セキュリティ界隈のすごい人、徳丸先生が詳しく説明してださっているので詳細を知りたい人はこちらも合わせて確認すると良いと思います。

 

WordPressって有名なCMSなので比較的頻繁にセキュリティフィックスのアップデートが行われていて、そこそこ堅牢なイメージではありましたが、久しぶりに重大な脆弱性が見つかったみたいですね。結構いろんなところが騒がしくなっているようです。

 

とりあえずアップデート

 

今回の脆弱性は4.7もしくは4.7.1のバージョンで見つかったものです。該当バージョンを利用している方はすぐにアップデートしましょう。

 

日本語版に関しては、4.7のリリースは2016年12月7日、4.7.1のリリースは2017年1月12日となっていますので、この辺でWordPressを導入した人は特に注意が必要です。
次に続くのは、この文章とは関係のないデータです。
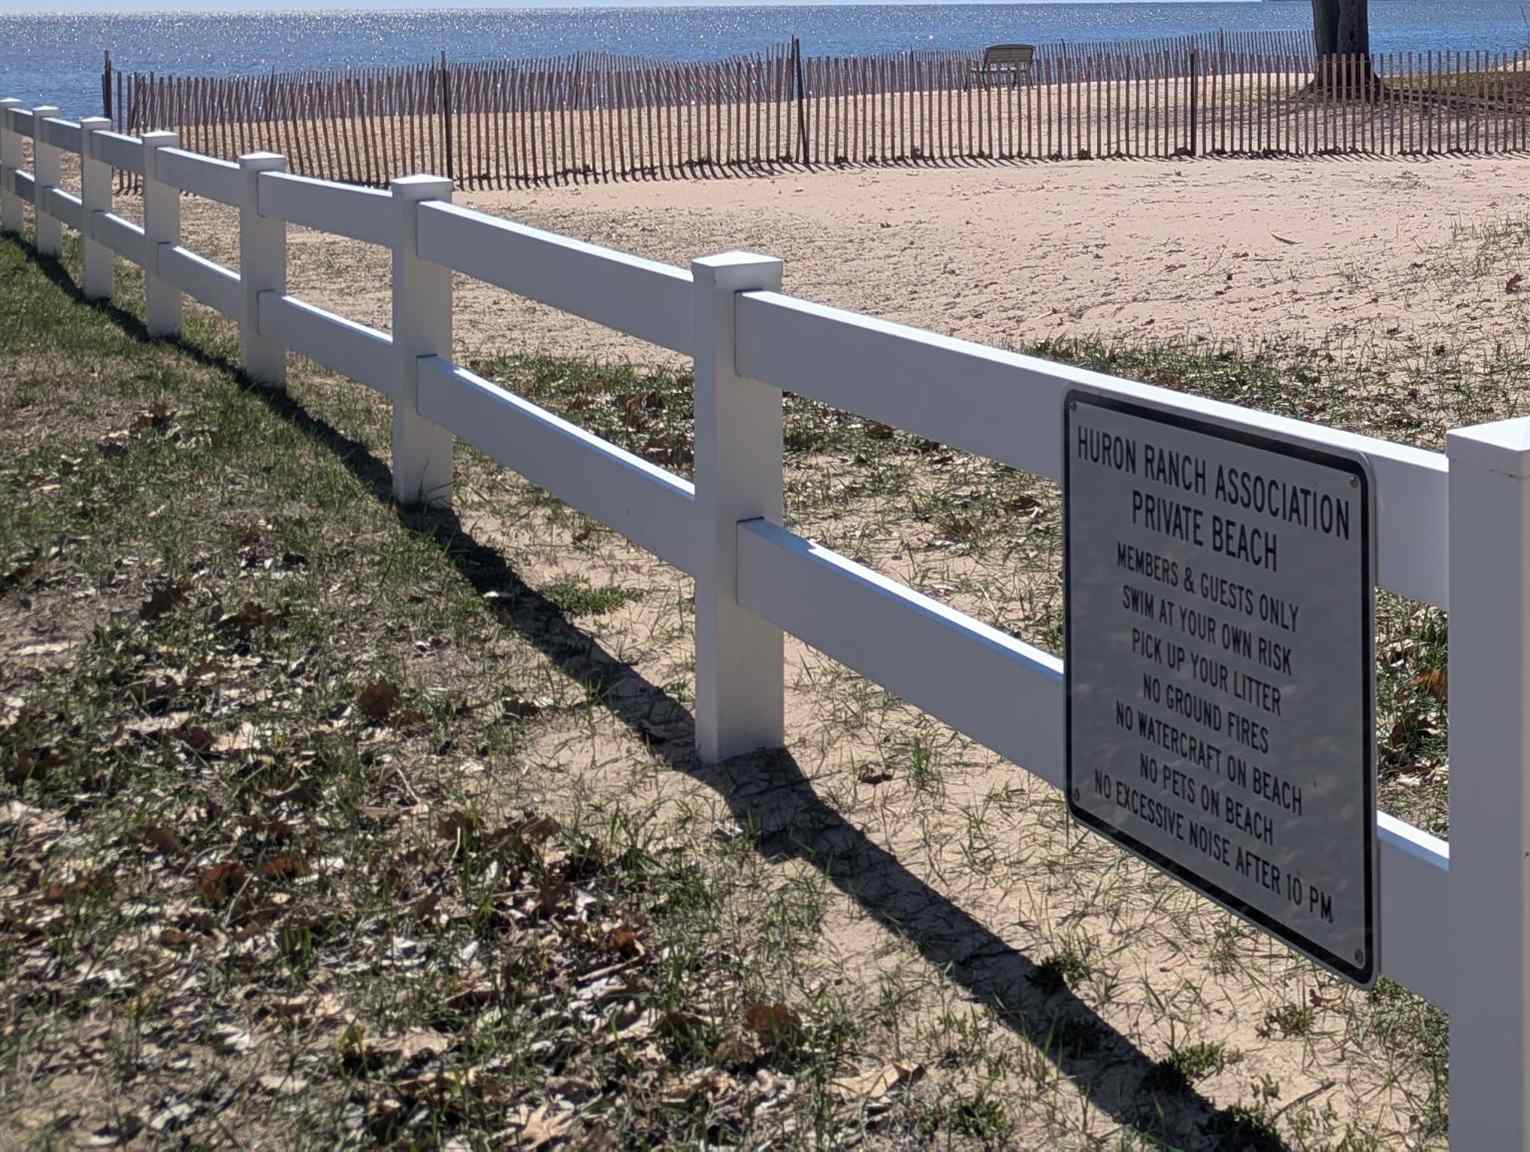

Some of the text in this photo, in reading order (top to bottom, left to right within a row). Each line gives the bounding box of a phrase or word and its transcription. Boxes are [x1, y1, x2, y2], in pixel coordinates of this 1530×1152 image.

[1078, 426, 1350, 540] HURON RANCH ASSOCIATION
[1132, 490, 1277, 572] PRIVATE BEACH
[1117, 541, 1299, 633] MEMBERS & GUESTS ONLY
[1122, 584, 1292, 676] SWIM AT YOUR OWN RISK
[1132, 628, 1281, 717] PICK UP YOUR LITTER
[1143, 672, 1269, 754] NO GROUND FIRES
[1116, 700, 1302, 816] NO WATERCRAFT ON BEACH
[1140, 753, 1273, 846] NO PETS ON BEACH
[1094, 768, 1333, 923] NO EXCESSIVE NOISE AFTER 10 PM
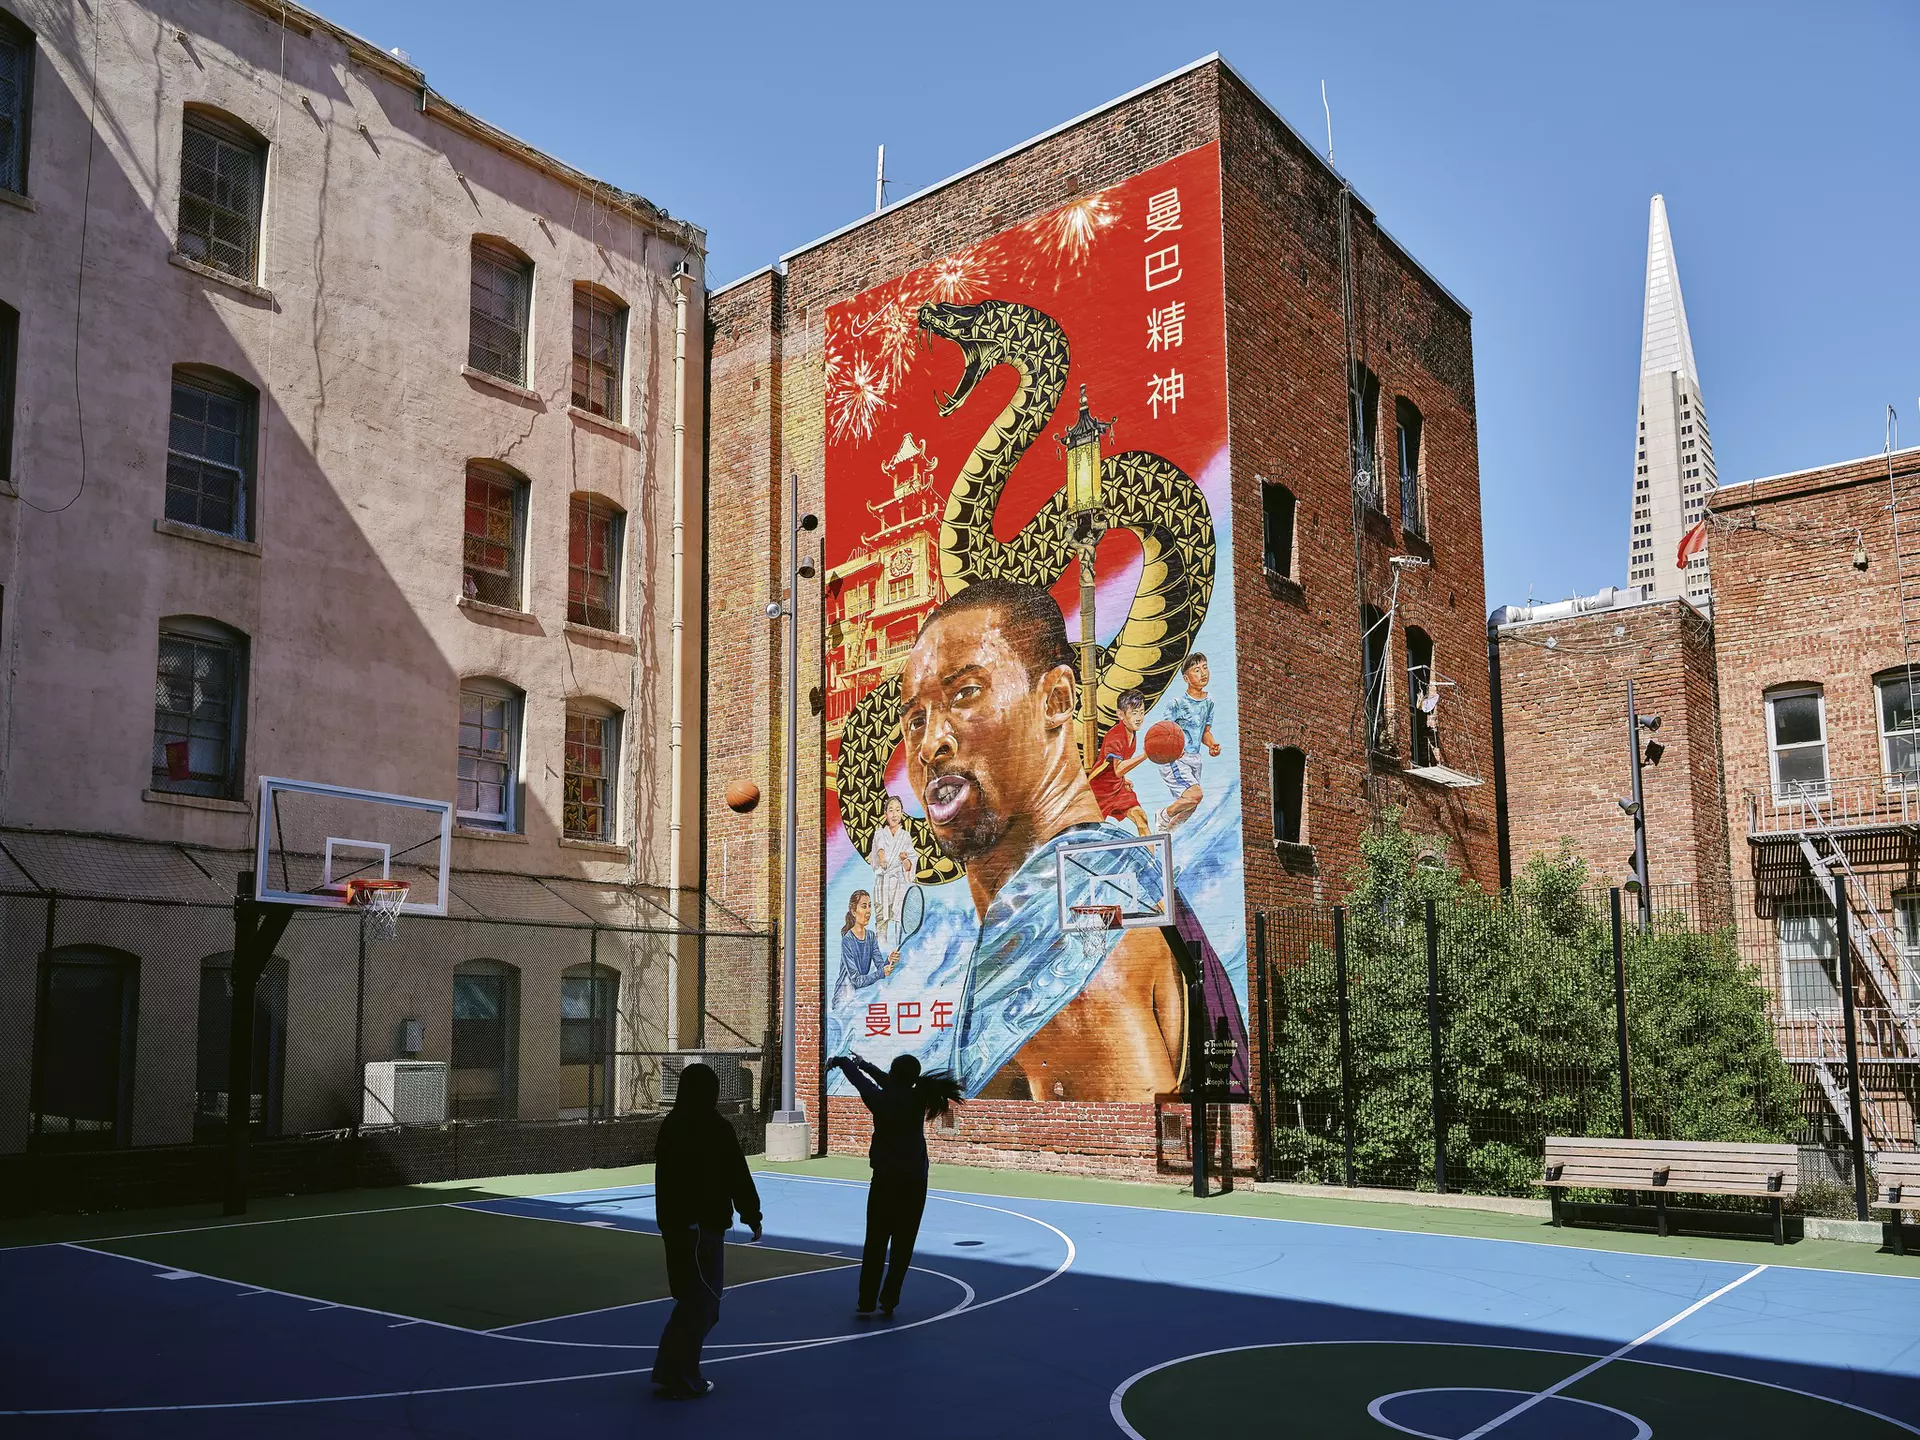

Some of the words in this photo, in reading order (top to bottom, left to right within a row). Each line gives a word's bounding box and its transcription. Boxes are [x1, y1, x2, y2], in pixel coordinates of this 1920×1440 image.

[1144, 187, 1186, 420] 曼巴精神
[865, 1000, 953, 1037] 曼巴年
[1211, 1048, 1236, 1057] Company
[1210, 1061, 1229, 1071] Vogue
[1205, 1078, 1224, 1087] Joseph
[1226, 1079, 1240, 1087] Lopez
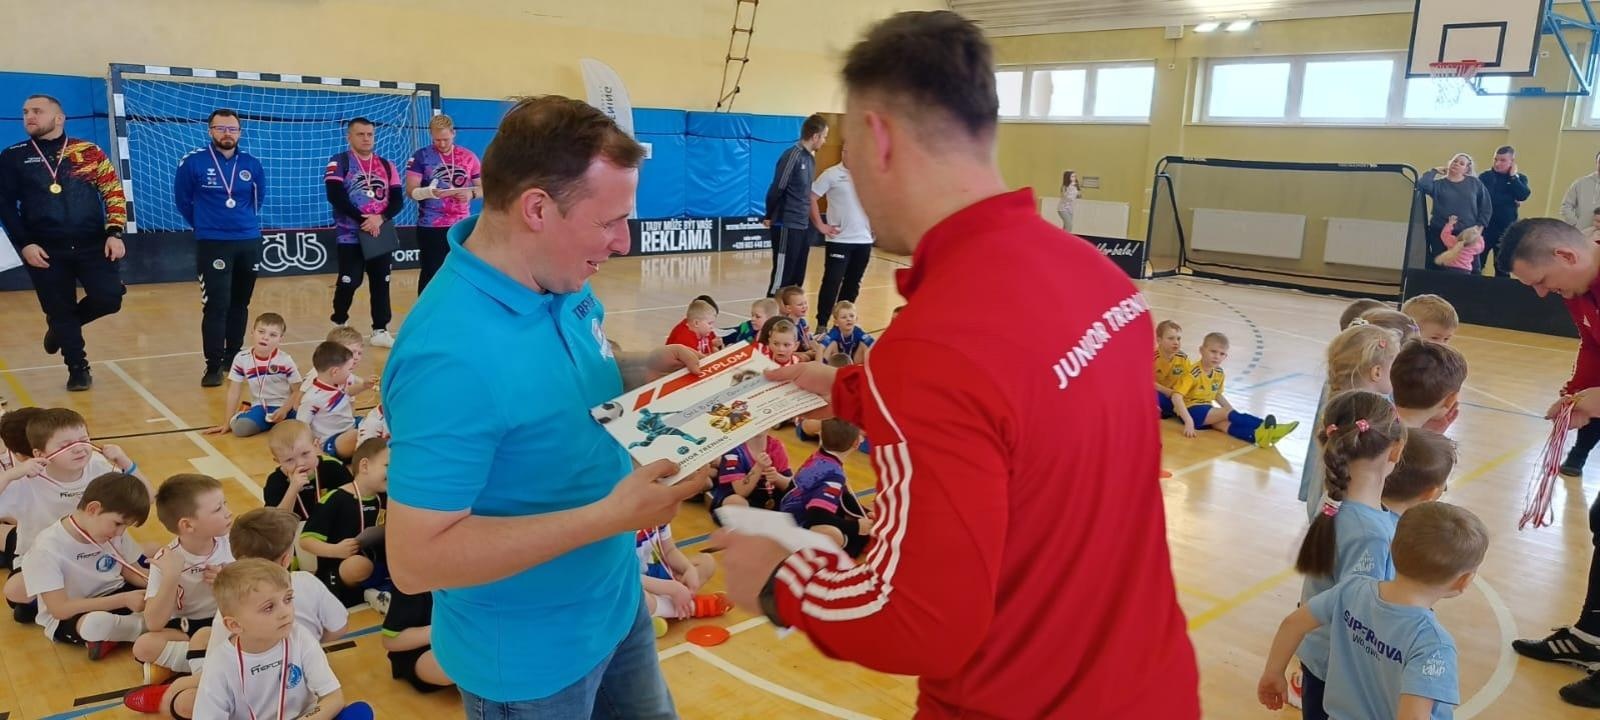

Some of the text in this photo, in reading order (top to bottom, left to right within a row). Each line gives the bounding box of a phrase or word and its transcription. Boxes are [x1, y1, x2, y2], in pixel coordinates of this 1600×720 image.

[641, 229, 713, 252] REKLAMA
[392, 249, 421, 263] ORT
[1052, 321, 1111, 389] JUNIOR
ダッシュボードの「概要」のパネルに自分が利用しているバージョンが載っているはずですので確認しましょう。

 

アプデの仕方については特に説明しません。

 

f:id:tsubasa123:20170208165423j:plain

 

ダッシュボードにこんな警告が出ているはずなので指示に従ってください。大多数の方はレンタルサーバサービスを利用して運営しているのであれば、そちらにもヘルプページがあると思いますのでチェックしてみてください。

 

余力があるなら確認用のシステムも用意しよう

 

とりあえずアプデしろ、と言いましたが、アップデートってシステムが正常に動かなくなる引き金にもなるものでして、本当は慎重にやってもらいたいものなのです。「プラグインが動かなくなった」とか「テーマが崩れた」とか往々にして起こり得ます。

 

今回のセキュリティアップデートはかなり深刻なもののため、早急に対応する必要がありますが、できればアップデート用のWordPressを用意しておいて、そこで正常動作を確認してから本番に反映させる、というような手順をとりたいものです。

 

特に、WordPressで運営するブログやサイトでマネタイズを考えている、もしくは行っている方はダウンタイムを少なくして機会損失を減らしたいと思っているはずですので、動作確認環境を用意することをおススメします。

 

さいごに

 

繰り返しますが、WordPressのバージョンをチェックして問題がある場合は速やかにアップデートを行いましょう。インターネットの世界は広大です。どこの誰があなたのサイトを狙っているかわかりません。手遅れになる前に対応するようにしましょう。

 

ではでは、最後までお付き合いいただきありがとうございました。